Hyperbaric facilities in Dubai have adopted the Dubai Health Authorities DHA infection control guidelines, and in Abu Dhabi the Department of Health guidelines DOH would be the equivalent. It depends on the Emirate and we would assume the same would apply in Oman. Hyperbaric chambers fall outside the scope of these guidelines unless specifically included. Most facilities take advice from subject matter experts and manufacturers.

Microbiological  Testing in Literature:

Of note, several years ago, the Intermountain Healthcare facility (LDS Hospital) in the state of Utah completed a detailed microbiological study and presented the findings to the UHMS. This study was driven locally and not mandated. This study was presented during the 2021 UHMS Annual Scientific Meeting. (3,4)

Use of Ultraviolet-C disinfection:

It is important to understand the risk to your acrylic windows caused by ultraviolet-C if this method is used to disinfect surfaces. Please take strict precautions to protect the acrylic, and if at all possible, do not use this method of disinfection in the hyperbaric department. The UHMS Safety Committee has previously released a position statement detailing these risks, which we urge you to review. (2)

We hope these resources will aid you in making the best decision for your program. If you have any further questions, please do no hesitate to contact us.

Respectfully,

UHMS HBO2 Safety Committee

REFERENCE/S: (Use for information necessary to identify and retrieve each work cited in the text above.)

  1. European Norm EN 14931, European Standards, s.r.o., 2006 LINK
  2. Undersea and Hyperbaric Medical Society: Hyperbaric Oxygen Safety Committee, Position Statement: The potential impact of UV-C Disinfection on acrylic surfaces of hyperbaric chambers. Undersea and Hyperbaric Medical Society. 6/2023. LINK
  3. Deru K, Weaver LK, Koumandakis G, Churchill S. Environmental cultures of hyperbaric chambers and treatment areas. Undersea Hyperb Med 2021; 48(3):354.
  4. Fitts M, Weaver LK, Deru K. A survey of hyperbaric chamber cleaning practices. Undersea Hyperb Med 2021; 48(3):355.

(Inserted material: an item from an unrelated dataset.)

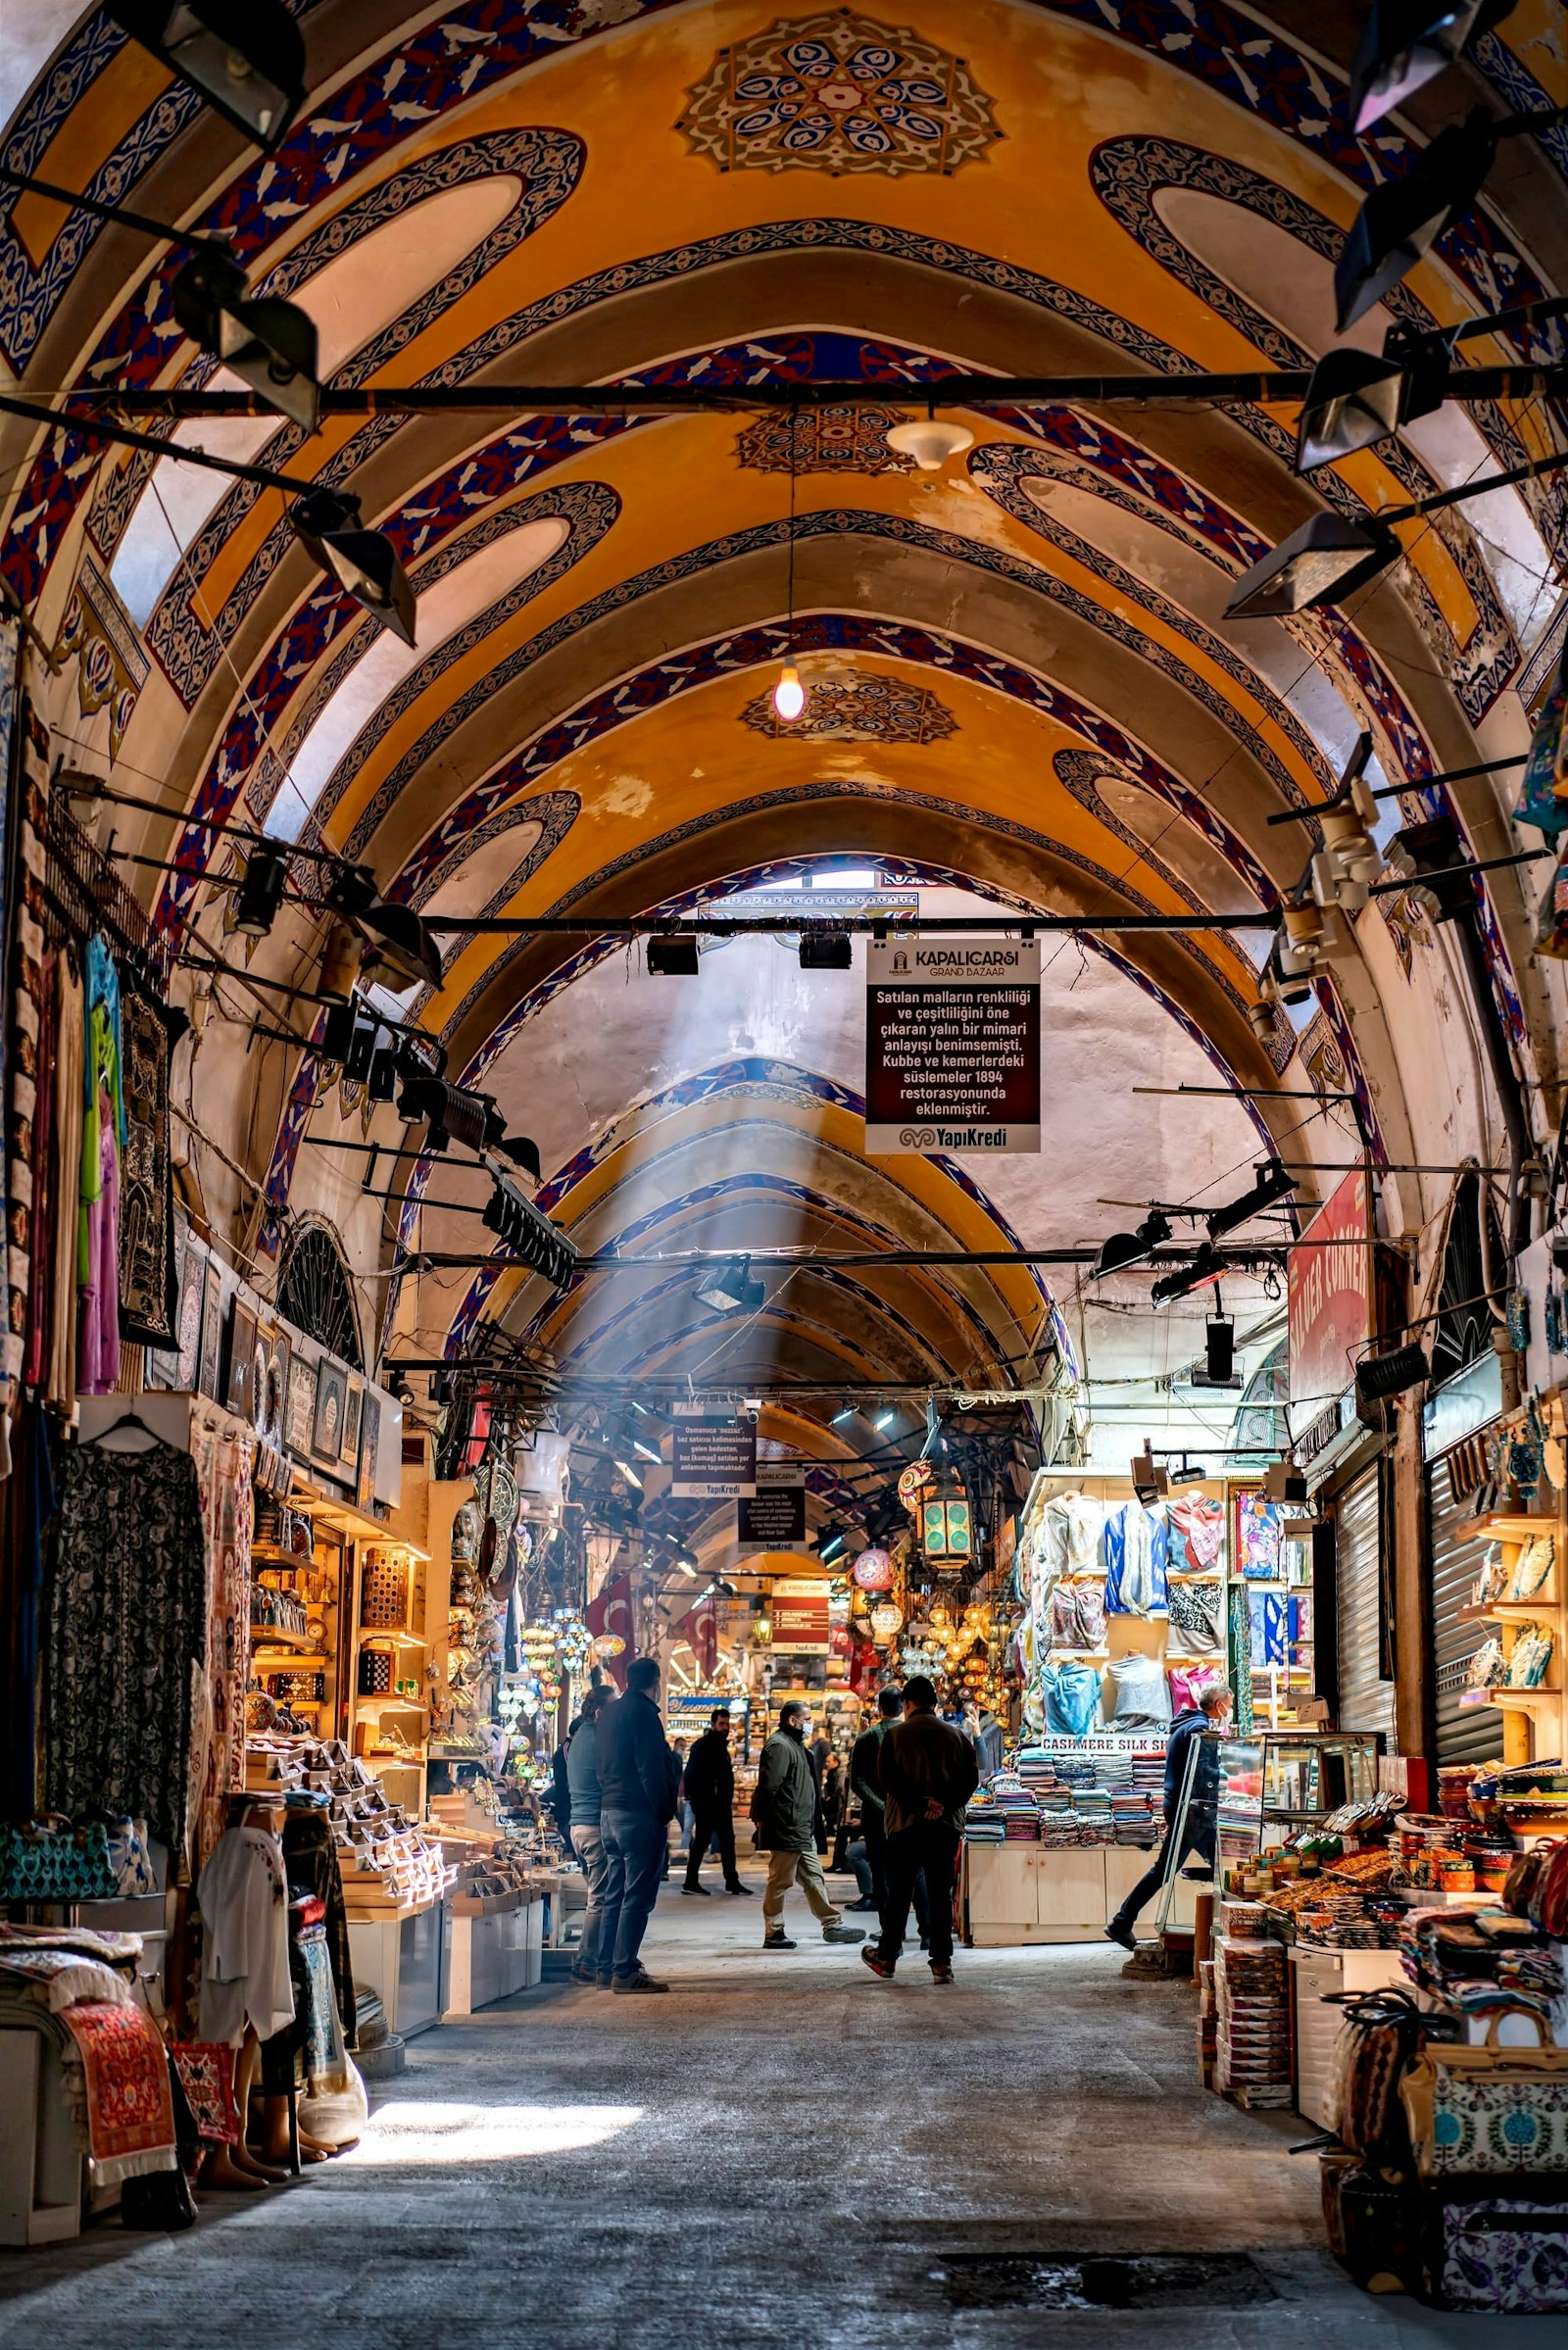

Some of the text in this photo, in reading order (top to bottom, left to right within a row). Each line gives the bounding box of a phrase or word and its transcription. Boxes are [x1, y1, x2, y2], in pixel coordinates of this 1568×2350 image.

BIBLIOGRAPHY: (Use for background or further reading.)

  1. Health Facility Guidelines, Part D - Infection Control, Government of Dubai, 2019 LINK
  2. Kot J, Desola J, Lind F, et al. A European code of good practice for hyperbaric oxygen therapy - Review 2022. Diving Hyperb Med. 2023;53(4)(Suppl):1-17. LINK

DISCLAIMER Neither the Undersea and Hyperbaric Medical Society (UHMS) staff nor its members can provide medical diagnosis or recommend equipment over the internet.  If you have medical concerns about hyperbaric medicine you need to be evaluated by a doctor licensed to practice medicine in your locale, which can provide you professional recommendations for hyperbaric medicine based upon your condition. The responsibility of approving the use of equipment resides with the physician and hyperbaric safety director/coordinator of the facility.  Information provided on this forum is for general educational purposes only.  It is not intended to replace the advice of your own health care practitioner and you should not rely upon it as though it were specific medical advice given to you personally.